WHAT TO PRODUCE: Tell how many lines in the data below hold the string "KIỆN"; give nothing but the number.

ENTRIES SHOWN:
######

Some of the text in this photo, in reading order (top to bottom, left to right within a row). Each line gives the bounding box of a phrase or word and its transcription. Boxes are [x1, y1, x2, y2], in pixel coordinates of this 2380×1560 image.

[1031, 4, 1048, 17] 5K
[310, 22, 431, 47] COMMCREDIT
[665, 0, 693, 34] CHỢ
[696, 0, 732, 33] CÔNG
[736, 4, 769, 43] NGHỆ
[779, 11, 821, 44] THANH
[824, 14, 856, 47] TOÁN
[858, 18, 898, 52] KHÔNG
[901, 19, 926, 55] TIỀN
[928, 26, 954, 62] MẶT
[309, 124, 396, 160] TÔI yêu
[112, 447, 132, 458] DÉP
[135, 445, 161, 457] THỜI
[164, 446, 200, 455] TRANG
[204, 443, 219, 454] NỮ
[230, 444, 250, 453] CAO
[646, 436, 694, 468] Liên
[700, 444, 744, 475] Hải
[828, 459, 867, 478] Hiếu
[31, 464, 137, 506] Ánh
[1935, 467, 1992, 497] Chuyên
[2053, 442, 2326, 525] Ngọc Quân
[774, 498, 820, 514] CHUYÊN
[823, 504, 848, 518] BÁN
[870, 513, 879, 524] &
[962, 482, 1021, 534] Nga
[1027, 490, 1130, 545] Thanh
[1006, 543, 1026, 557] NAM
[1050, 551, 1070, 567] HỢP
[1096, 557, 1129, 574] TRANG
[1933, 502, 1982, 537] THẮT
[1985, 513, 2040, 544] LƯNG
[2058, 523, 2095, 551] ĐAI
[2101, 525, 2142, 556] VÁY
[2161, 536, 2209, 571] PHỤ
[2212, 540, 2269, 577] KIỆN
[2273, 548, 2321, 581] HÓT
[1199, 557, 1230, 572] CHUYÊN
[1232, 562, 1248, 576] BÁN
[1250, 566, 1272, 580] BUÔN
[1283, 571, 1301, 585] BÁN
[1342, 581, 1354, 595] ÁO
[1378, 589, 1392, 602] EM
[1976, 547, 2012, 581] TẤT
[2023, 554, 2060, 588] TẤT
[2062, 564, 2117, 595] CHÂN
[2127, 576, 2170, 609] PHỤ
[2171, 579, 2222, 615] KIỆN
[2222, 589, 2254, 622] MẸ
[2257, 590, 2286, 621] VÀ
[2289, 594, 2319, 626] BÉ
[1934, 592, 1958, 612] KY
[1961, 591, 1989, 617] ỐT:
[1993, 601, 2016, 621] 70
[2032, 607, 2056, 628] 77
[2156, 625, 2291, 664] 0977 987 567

######

TASK SOLUTION: 2